* WHAT IS NEEDED
Output every line of the material exactly, omitting images.

* PROVIDED DATA
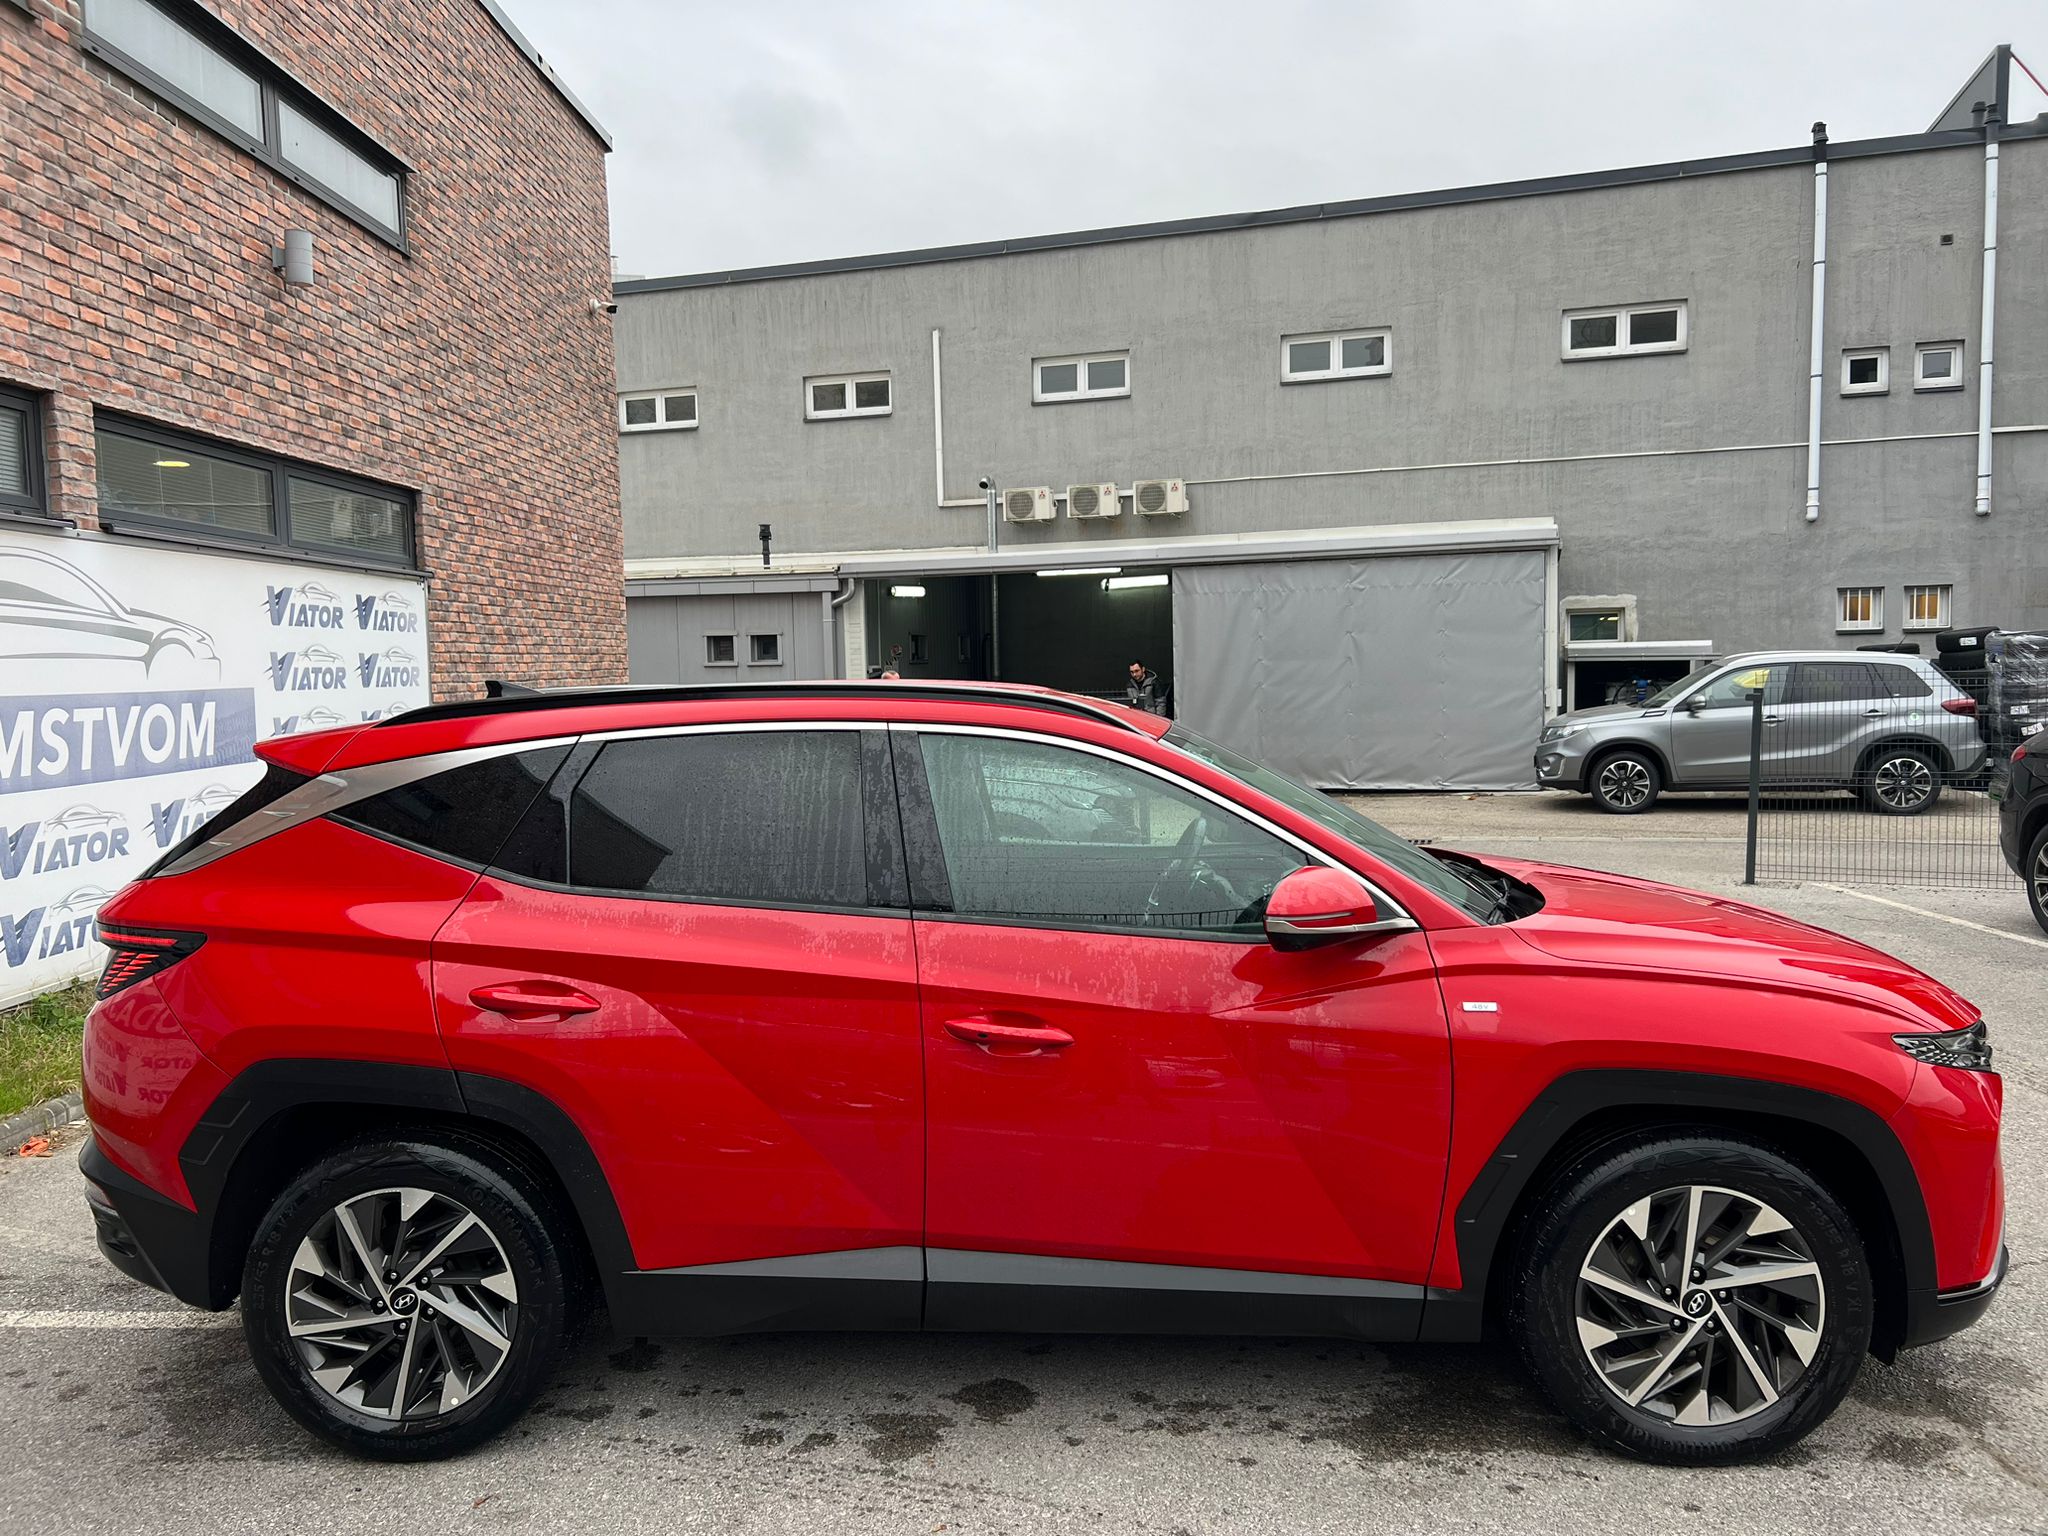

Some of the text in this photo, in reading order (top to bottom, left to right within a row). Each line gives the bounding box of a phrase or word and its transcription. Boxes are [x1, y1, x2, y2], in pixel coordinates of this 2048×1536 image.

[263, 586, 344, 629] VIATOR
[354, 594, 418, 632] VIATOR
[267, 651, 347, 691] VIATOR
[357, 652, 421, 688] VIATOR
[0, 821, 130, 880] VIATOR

* RESULT FOR THIS TASK
Some of the text in this photo, in reading order (top to bottom, left to right within a row). Each line gives the bounding box of a phrase or word and its transcription. Boxes are [x1, y1, x2, y2], in pixel coordinates of this 2048×1536 image.

[263, 586, 344, 629] VIATOR
[354, 594, 418, 632] VIATOR
[267, 651, 347, 691] VIATOR
[357, 652, 421, 688] VIATOR
[0, 821, 130, 880] VIATOR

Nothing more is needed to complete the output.